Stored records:
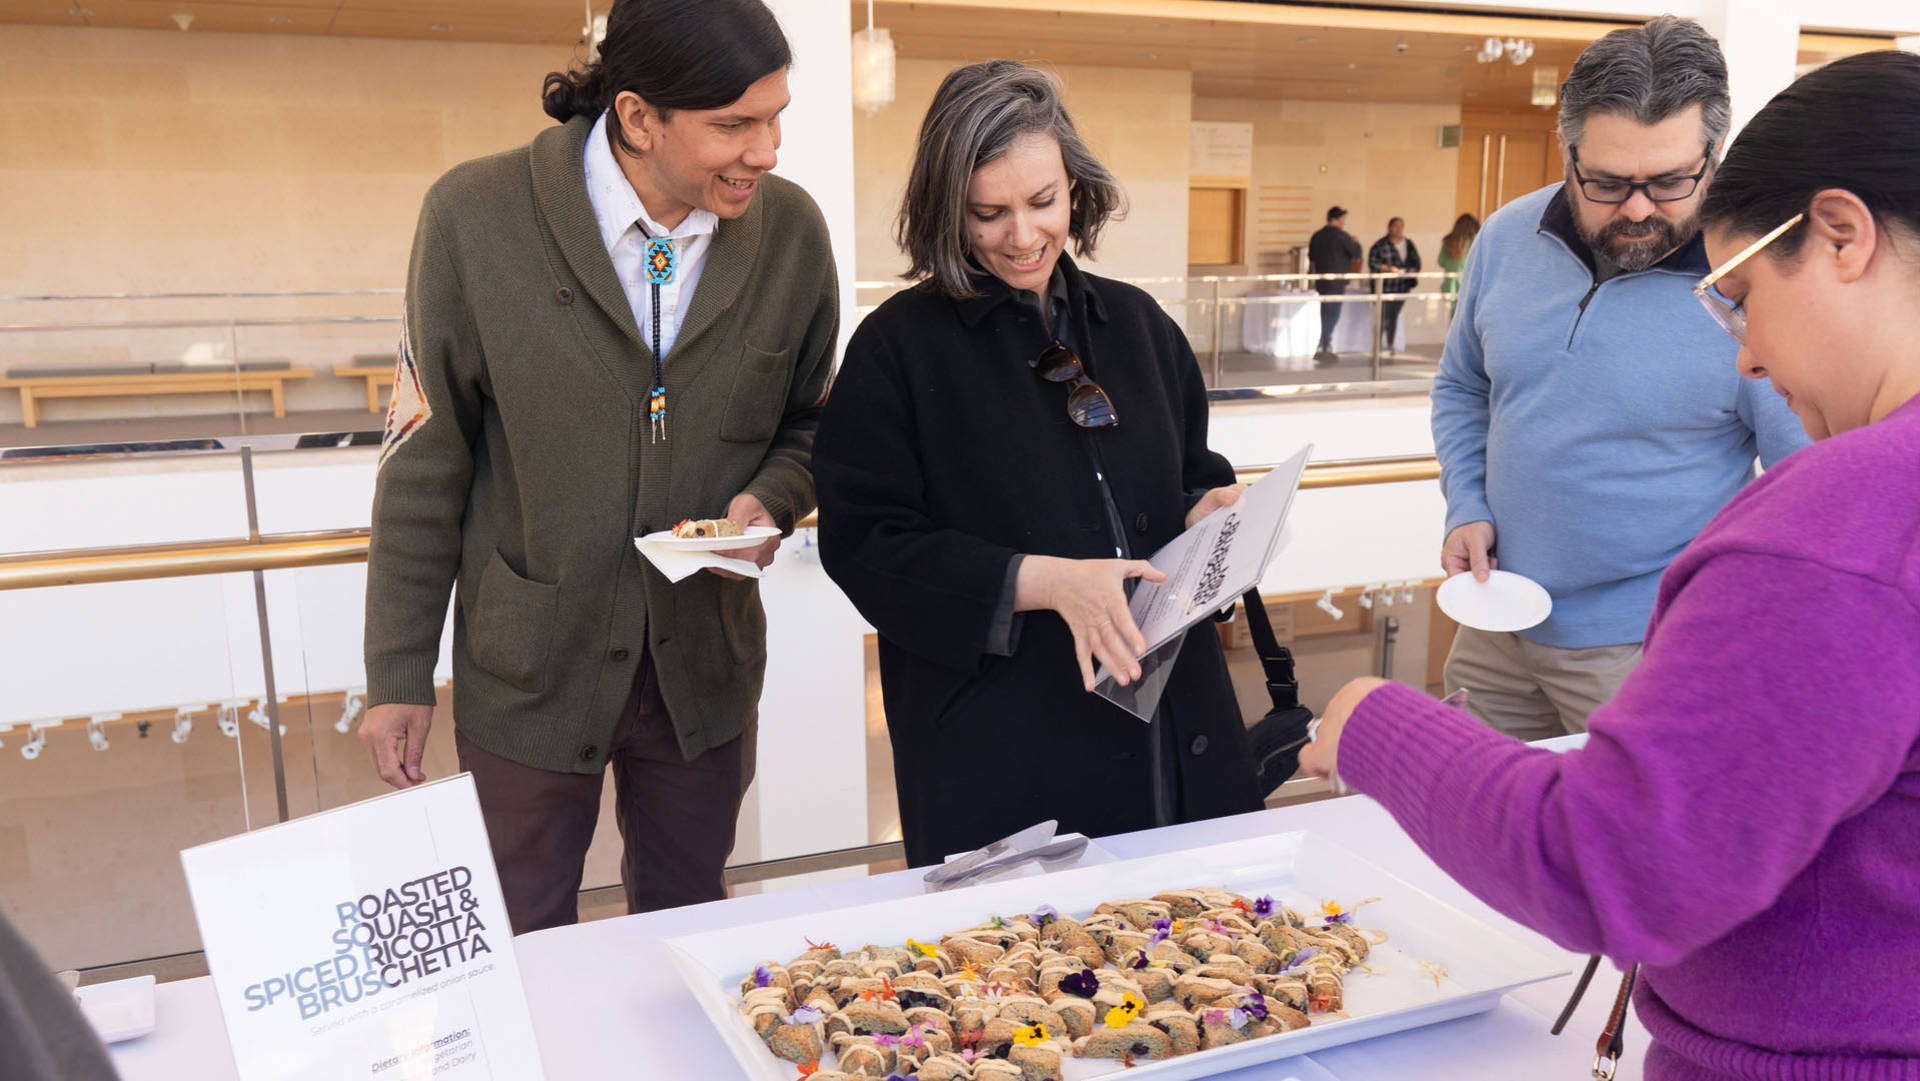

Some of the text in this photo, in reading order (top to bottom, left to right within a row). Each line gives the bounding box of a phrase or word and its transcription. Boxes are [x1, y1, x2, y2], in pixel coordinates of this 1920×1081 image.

[332, 888, 479, 955] SQUASH &
[336, 866, 472, 927] ROASTED
[244, 911, 486, 1012] SPICED RICOTTA
[297, 933, 491, 1020] BRUSCHETTA
[309, 1016, 345, 1036] Served
[347, 1008, 369, 1023] with

_WORK TASK_: Write out each entry exactly as given, but skip the pictures.

_EXERCISE ANSWER_:
Some of the text in this photo, in reading order (top to bottom, left to right within a row). Each line gives the bounding box of a phrase or word and its transcription. Boxes are [x1, y1, x2, y2], in pixel coordinates of this 1920×1081 image.

[332, 888, 479, 955] SQUASH &
[336, 866, 472, 927] ROASTED
[244, 911, 486, 1012] SPICED RICOTTA
[297, 933, 491, 1020] BRUSCHETTA
[309, 1016, 345, 1036] Served
[347, 1008, 369, 1023] with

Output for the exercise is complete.